Source material:
++++++++

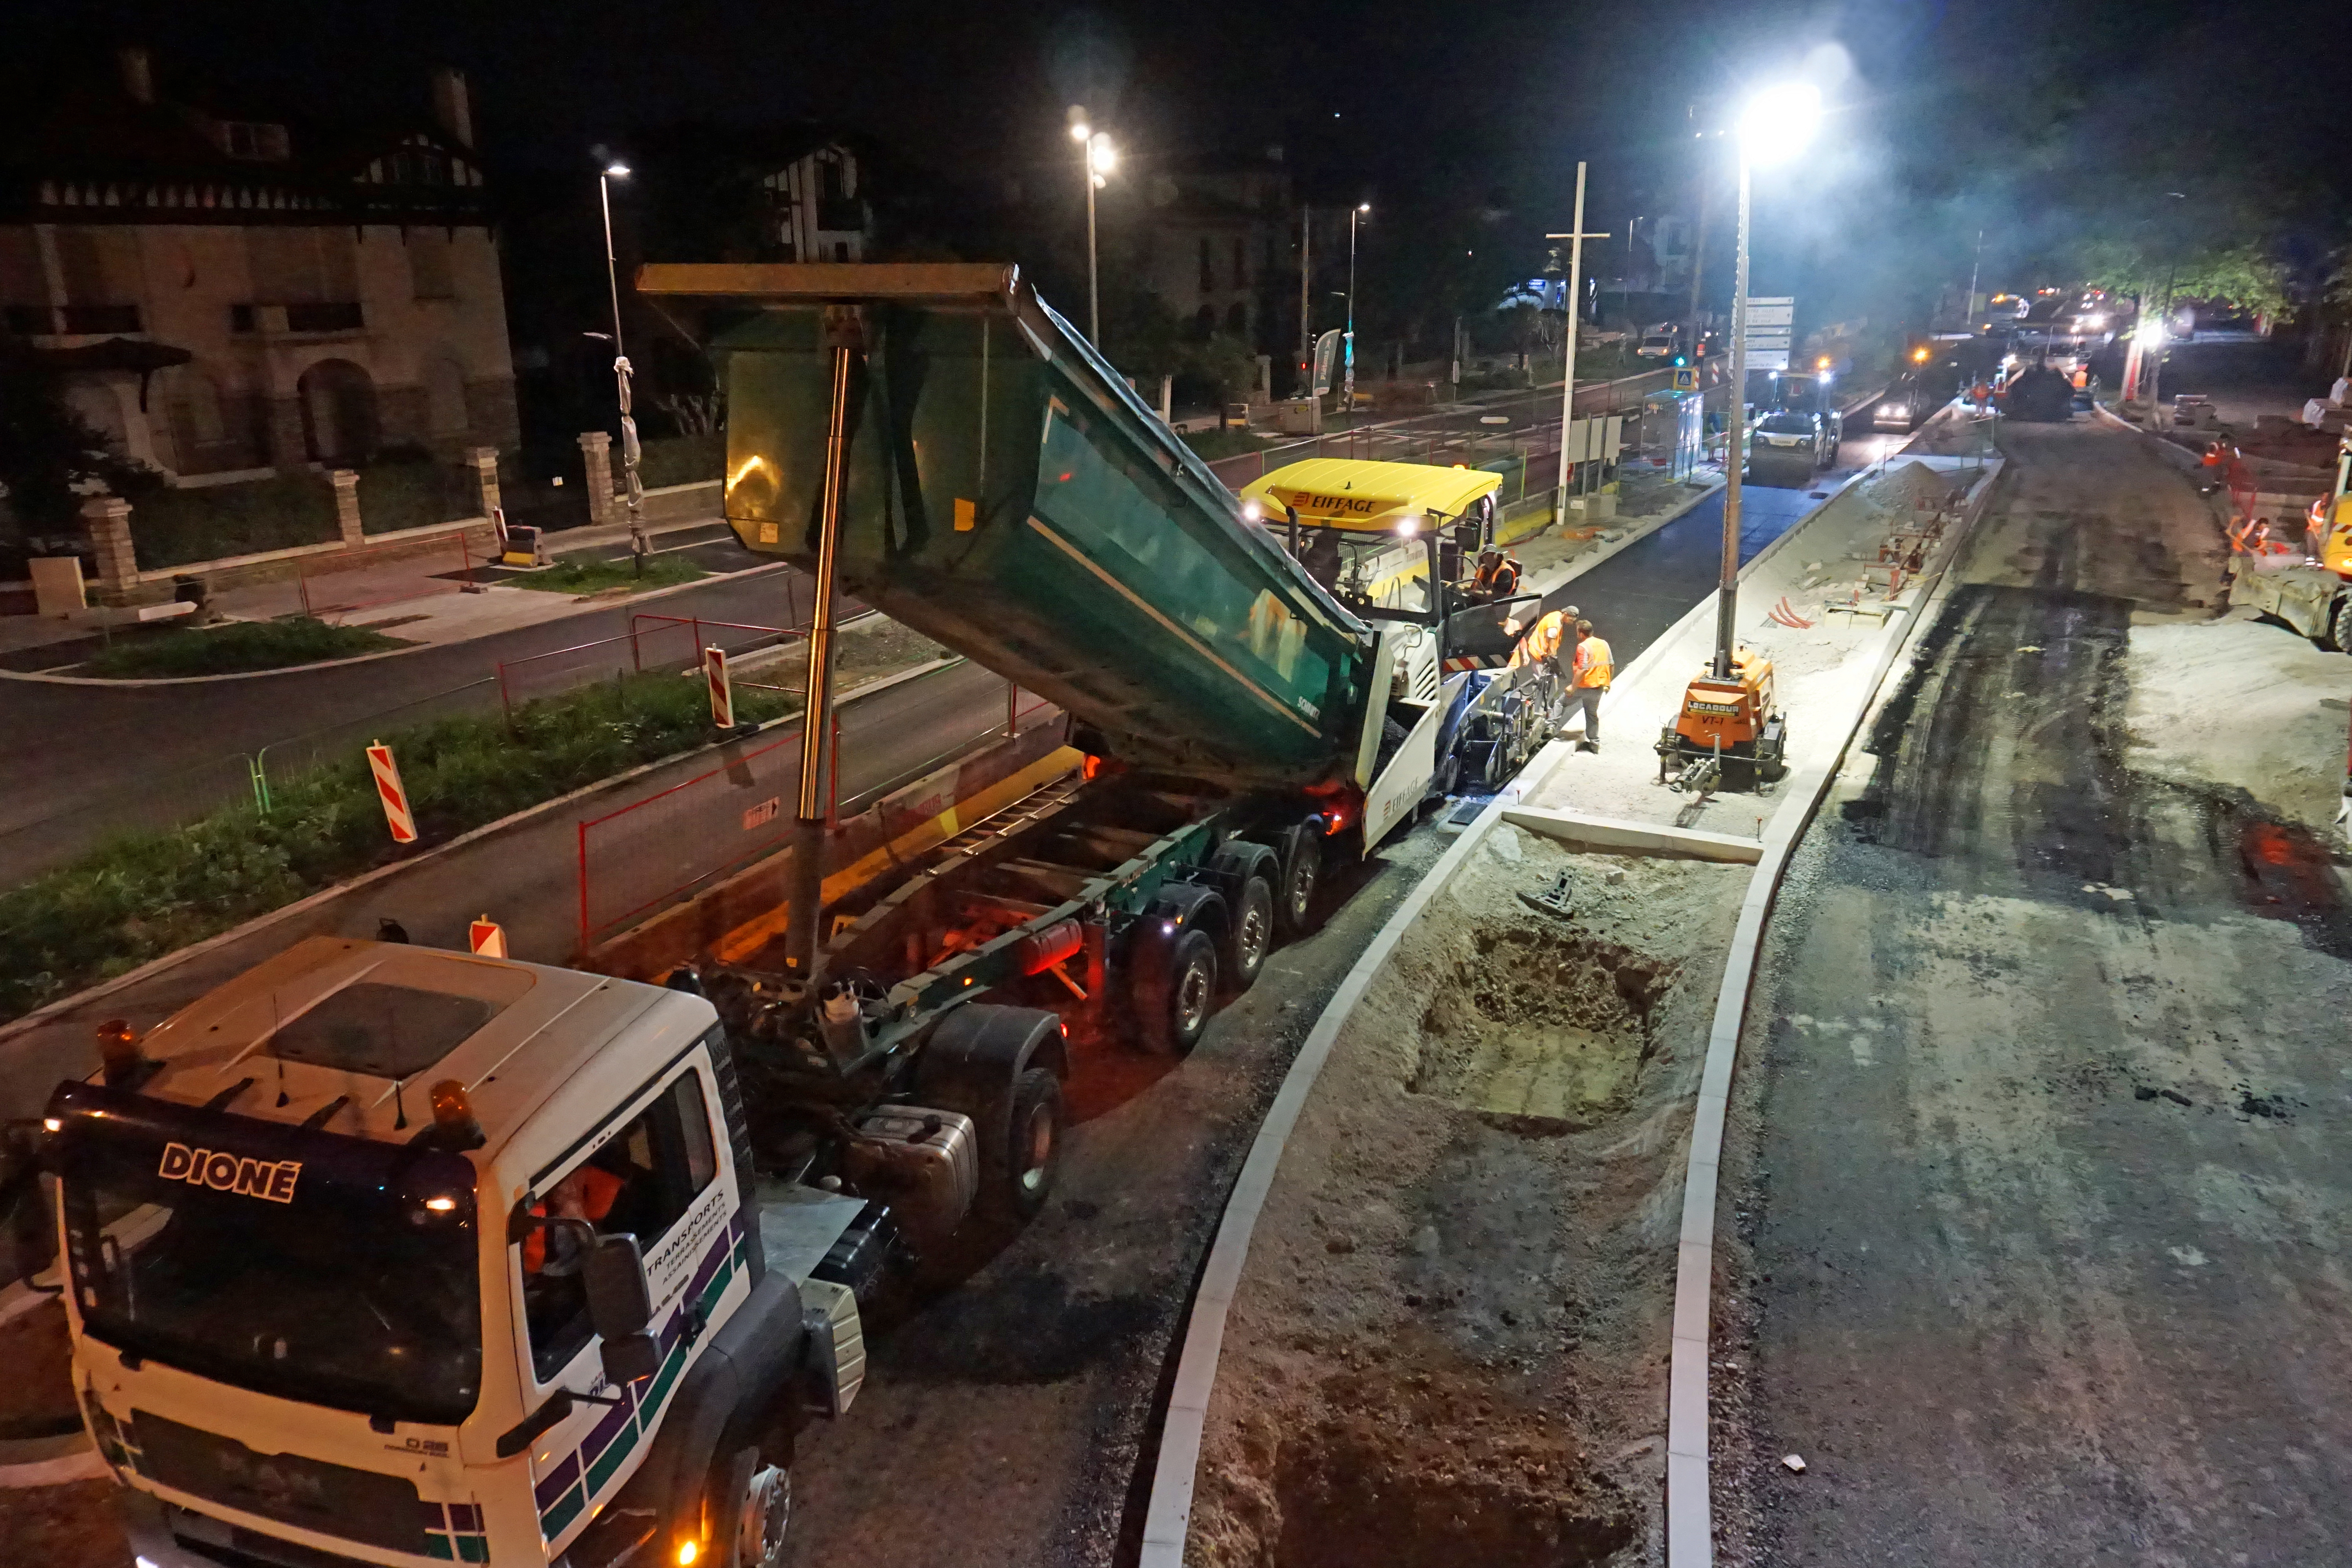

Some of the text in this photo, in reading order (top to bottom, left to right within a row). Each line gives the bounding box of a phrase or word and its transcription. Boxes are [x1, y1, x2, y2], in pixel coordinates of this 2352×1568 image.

[1312, 497, 1376, 513] EIFFAGE
[1688, 701, 1739, 712] LOCADOUR
[1393, 777, 1419, 812] EIFFAGE
[158, 1142, 302, 1203] DIONÉ
[646, 1189, 724, 1277] TRANSPORTS
[662, 1211, 727, 1285] ASSAINISSEMENTS
[666, 1202, 725, 1269] TERRASSEMENTS

++++++++

Activity: From the first line to the last, retype the data exactly, but omit every image.

Written response:
Some of the text in this photo, in reading order (top to bottom, left to right within a row). Each line gives the bounding box of a phrase or word and its transcription. Boxes are [x1, y1, x2, y2], in pixel coordinates of this 2352×1568 image.

[1312, 497, 1376, 513] EIFFAGE
[1688, 701, 1739, 712] LOCADOUR
[1393, 777, 1419, 812] EIFFAGE
[158, 1142, 302, 1203] DIONÉ
[646, 1189, 724, 1277] TRANSPORTS
[662, 1211, 727, 1285] ASSAINISSEMENTS
[666, 1202, 725, 1269] TERRASSEMENTS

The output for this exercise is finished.